[[ INPUT MATERIAL open ]]
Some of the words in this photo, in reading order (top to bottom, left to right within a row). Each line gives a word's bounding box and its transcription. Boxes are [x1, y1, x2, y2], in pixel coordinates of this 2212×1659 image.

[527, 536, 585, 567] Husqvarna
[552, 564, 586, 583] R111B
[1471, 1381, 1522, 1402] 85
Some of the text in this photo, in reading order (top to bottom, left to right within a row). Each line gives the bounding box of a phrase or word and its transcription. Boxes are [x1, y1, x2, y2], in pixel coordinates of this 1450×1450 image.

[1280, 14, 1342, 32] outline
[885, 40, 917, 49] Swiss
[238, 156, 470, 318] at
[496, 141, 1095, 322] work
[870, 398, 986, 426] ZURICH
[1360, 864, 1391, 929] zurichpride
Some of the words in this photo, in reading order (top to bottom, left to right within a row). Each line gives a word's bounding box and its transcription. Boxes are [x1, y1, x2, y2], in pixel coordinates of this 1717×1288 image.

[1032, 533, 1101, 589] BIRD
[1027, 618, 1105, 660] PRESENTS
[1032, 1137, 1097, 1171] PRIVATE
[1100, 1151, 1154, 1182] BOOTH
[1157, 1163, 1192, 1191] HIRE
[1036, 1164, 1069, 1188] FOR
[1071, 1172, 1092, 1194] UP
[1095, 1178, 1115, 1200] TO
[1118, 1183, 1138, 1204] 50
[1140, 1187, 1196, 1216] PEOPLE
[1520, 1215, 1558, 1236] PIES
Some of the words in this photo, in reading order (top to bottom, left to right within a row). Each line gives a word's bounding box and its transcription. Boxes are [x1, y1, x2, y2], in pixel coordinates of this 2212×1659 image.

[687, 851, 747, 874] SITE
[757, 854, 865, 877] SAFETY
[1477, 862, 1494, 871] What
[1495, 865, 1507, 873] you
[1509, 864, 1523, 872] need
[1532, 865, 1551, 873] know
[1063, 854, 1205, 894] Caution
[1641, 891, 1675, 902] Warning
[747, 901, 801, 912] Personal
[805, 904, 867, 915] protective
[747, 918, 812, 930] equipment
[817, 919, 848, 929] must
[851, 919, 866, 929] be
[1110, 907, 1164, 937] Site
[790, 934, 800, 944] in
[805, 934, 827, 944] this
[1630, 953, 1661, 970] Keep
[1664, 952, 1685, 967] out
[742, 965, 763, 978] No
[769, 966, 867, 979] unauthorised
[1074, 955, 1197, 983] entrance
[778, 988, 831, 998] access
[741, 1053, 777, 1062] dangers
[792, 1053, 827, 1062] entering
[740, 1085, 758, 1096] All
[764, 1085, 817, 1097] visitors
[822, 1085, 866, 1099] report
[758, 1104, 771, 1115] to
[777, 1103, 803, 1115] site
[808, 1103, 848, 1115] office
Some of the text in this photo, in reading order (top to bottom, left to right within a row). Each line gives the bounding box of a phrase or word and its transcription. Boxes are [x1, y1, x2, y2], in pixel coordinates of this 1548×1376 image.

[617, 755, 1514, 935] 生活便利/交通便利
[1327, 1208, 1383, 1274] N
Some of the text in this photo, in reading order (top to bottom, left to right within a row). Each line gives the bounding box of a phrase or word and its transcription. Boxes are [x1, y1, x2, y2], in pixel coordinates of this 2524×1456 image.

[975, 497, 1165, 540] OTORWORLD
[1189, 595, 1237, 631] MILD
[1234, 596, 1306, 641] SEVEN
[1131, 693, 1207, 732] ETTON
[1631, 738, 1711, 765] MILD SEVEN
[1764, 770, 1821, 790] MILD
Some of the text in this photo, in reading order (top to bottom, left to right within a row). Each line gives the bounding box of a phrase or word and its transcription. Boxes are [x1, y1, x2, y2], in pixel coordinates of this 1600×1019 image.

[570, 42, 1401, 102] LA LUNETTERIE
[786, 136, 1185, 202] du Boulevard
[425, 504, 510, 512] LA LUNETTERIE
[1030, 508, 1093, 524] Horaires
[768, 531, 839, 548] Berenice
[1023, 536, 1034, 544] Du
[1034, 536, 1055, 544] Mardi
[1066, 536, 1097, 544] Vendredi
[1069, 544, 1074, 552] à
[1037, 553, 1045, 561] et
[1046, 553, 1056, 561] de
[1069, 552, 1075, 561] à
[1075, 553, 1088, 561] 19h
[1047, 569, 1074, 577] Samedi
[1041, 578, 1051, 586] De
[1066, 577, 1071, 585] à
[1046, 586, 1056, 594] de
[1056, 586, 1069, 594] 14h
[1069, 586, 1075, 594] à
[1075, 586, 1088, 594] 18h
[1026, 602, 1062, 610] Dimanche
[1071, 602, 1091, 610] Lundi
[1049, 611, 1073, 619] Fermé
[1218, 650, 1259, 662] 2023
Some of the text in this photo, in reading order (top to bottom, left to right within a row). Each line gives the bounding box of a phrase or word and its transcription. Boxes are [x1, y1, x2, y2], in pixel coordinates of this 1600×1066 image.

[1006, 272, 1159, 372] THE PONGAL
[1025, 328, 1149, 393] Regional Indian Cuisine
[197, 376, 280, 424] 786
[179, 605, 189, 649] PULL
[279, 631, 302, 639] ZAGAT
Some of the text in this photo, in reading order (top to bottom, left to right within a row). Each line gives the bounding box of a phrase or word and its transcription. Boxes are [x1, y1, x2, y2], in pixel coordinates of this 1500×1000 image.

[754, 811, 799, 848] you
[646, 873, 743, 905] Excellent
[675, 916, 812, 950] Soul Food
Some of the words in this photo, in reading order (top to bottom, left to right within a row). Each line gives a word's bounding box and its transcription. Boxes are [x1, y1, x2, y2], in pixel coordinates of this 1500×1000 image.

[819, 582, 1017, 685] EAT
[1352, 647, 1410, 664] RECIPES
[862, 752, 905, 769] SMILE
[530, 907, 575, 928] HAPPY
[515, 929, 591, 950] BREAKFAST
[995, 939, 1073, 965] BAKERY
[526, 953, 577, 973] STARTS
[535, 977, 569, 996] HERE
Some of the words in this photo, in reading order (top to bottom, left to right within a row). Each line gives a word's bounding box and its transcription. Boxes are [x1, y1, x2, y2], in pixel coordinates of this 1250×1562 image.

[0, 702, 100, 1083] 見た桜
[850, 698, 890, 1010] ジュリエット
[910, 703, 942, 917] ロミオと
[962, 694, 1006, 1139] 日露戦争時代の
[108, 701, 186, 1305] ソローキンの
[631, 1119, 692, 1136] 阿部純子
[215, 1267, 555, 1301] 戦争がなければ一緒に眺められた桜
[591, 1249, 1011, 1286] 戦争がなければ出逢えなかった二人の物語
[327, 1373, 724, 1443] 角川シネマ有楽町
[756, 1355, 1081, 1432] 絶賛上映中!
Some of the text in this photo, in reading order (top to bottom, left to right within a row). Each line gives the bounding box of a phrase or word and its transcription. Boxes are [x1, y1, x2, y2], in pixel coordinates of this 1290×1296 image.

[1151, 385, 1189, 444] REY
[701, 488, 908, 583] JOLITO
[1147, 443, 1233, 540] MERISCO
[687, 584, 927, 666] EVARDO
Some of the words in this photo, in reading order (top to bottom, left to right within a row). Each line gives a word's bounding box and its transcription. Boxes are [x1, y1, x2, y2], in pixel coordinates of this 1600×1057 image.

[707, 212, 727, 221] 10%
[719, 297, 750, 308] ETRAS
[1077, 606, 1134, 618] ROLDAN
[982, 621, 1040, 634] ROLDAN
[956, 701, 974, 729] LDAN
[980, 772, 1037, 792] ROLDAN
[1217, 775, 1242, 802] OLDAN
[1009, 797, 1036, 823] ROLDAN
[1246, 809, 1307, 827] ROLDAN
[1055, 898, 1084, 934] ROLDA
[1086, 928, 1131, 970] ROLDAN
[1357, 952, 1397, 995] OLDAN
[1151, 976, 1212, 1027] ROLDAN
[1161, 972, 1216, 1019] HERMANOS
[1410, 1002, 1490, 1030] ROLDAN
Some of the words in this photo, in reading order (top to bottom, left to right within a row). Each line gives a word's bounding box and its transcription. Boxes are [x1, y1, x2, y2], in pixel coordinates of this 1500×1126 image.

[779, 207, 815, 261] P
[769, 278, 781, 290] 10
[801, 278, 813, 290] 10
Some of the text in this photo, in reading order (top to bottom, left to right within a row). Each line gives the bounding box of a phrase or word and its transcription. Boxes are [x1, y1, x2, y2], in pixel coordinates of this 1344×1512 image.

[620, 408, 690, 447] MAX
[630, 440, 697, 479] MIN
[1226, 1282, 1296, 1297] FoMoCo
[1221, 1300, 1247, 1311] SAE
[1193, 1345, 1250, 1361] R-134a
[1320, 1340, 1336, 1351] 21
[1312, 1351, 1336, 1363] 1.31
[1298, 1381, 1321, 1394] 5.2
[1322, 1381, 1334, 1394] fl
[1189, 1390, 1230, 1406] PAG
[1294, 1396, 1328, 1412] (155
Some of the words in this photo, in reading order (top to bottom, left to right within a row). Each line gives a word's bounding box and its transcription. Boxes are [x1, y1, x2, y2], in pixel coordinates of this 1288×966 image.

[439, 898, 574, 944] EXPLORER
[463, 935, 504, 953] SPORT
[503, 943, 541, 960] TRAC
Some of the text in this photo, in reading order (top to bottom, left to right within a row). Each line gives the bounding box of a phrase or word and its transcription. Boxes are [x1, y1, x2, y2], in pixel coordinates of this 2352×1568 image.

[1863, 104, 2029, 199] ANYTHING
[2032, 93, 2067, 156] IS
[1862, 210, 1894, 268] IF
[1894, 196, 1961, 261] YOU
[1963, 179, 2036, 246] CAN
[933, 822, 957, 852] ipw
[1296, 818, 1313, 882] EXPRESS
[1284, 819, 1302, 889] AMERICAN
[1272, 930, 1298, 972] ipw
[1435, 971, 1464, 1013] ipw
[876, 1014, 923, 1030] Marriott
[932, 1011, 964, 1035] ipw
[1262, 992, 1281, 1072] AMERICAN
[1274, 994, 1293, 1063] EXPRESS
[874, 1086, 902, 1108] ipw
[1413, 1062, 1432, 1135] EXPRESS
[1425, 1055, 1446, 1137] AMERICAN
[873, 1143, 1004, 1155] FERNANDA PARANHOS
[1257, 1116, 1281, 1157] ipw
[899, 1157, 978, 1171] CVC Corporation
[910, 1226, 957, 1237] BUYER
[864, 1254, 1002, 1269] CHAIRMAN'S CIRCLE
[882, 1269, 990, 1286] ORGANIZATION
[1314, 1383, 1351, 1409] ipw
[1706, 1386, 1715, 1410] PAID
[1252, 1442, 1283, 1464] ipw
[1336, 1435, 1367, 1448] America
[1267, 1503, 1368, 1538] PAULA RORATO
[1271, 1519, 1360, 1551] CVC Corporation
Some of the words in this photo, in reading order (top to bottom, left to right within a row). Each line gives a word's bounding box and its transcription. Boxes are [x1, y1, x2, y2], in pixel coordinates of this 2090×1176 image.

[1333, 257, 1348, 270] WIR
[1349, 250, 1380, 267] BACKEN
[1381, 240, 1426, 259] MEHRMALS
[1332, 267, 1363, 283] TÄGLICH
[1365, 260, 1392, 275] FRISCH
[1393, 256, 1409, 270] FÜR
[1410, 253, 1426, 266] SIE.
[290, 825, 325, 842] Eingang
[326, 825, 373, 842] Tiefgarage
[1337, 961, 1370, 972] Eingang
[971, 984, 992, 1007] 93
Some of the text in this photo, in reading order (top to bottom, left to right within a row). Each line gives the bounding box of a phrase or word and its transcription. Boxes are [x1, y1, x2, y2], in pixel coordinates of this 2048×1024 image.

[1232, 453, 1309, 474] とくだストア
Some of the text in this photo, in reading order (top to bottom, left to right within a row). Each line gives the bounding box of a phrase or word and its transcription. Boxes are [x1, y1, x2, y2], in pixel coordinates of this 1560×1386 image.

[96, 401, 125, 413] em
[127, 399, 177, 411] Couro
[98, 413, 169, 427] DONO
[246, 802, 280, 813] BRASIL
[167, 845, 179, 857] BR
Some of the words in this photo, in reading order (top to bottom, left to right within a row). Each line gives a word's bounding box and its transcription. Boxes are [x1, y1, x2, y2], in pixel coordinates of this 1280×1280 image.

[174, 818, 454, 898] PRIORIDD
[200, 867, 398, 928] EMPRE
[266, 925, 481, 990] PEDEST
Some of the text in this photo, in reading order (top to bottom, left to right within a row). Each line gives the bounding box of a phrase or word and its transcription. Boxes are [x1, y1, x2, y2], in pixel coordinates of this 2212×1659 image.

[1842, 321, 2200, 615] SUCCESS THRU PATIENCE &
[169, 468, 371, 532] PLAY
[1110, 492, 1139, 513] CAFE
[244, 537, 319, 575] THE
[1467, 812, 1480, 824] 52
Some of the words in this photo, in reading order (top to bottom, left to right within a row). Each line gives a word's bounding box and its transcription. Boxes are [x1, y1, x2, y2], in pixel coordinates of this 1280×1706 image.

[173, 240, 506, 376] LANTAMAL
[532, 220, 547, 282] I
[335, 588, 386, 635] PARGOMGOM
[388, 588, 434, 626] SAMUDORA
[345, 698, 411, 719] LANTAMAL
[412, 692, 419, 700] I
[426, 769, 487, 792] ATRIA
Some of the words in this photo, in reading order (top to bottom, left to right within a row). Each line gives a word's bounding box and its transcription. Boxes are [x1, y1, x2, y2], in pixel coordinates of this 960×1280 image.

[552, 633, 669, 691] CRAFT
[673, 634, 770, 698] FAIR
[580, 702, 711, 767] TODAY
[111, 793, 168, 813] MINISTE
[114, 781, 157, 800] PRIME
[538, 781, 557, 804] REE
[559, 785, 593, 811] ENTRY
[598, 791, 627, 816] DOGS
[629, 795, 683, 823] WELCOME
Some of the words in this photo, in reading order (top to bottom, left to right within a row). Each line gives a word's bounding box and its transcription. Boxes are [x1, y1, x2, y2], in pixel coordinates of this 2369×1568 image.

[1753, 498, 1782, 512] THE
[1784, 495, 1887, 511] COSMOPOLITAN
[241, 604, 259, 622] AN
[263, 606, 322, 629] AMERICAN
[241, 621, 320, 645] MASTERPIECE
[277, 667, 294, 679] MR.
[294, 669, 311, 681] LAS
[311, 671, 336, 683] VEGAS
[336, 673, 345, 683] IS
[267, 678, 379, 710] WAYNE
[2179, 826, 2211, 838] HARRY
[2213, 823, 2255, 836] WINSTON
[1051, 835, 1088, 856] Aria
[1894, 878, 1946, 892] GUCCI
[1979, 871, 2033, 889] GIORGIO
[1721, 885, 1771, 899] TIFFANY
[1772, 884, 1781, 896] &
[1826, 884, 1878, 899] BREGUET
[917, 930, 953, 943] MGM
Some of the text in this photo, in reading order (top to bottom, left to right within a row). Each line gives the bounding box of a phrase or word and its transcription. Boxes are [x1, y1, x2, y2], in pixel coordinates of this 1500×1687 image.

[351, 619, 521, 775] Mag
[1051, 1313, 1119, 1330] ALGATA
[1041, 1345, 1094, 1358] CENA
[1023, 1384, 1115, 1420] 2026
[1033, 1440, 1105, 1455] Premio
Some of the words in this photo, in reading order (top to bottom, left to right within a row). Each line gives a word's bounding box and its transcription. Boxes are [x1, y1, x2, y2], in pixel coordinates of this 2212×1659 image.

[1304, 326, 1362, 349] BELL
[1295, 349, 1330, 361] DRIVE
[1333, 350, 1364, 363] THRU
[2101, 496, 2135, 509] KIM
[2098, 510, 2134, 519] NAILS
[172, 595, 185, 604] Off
[[ INPUT MATERIAL closed ]]
▸ THE TASK: Exactly as they stand in the records above, print the lines from the one containing "this 2369×1568 image." through the final line, inclusive.

▸ TASK RESULT:
Some of the words in this photo, in reading order (top to bottom, left to right within a row). Each line gives a word's bounding box and its transcription. Boxes are [x1, y1, x2, y2], in pixel coordinates of this 2369×1568 image.

[1753, 498, 1782, 512] THE
[1784, 495, 1887, 511] COSMOPOLITAN
[241, 604, 259, 622] AN
[263, 606, 322, 629] AMERICAN
[241, 621, 320, 645] MASTERPIECE
[277, 667, 294, 679] MR.
[294, 669, 311, 681] LAS
[311, 671, 336, 683] VEGAS
[336, 673, 345, 683] IS
[267, 678, 379, 710] WAYNE
[2179, 826, 2211, 838] HARRY
[2213, 823, 2255, 836] WINSTON
[1051, 835, 1088, 856] Aria
[1894, 878, 1946, 892] GUCCI
[1979, 871, 2033, 889] GIORGIO
[1721, 885, 1771, 899] TIFFANY
[1772, 884, 1781, 896] &
[1826, 884, 1878, 899] BREGUET
[917, 930, 953, 943] MGM
Some of the text in this photo, in reading order (top to bottom, left to right within a row). Each line gives the bounding box of a phrase or word and its transcription. Boxes are [x1, y1, x2, y2], in pixel coordinates of this 1500×1687 image.

[351, 619, 521, 775] Mag
[1051, 1313, 1119, 1330] ALGATA
[1041, 1345, 1094, 1358] CENA
[1023, 1384, 1115, 1420] 2026
[1033, 1440, 1105, 1455] Premio
Some of the words in this photo, in reading order (top to bottom, left to right within a row). Each line gives a word's bounding box and its transcription. Boxes are [x1, y1, x2, y2], in pixel coordinates of this 2212×1659 image.

[1304, 326, 1362, 349] BELL
[1295, 349, 1330, 361] DRIVE
[1333, 350, 1364, 363] THRU
[2101, 496, 2135, 509] KIM
[2098, 510, 2134, 519] NAILS
[172, 595, 185, 604] Off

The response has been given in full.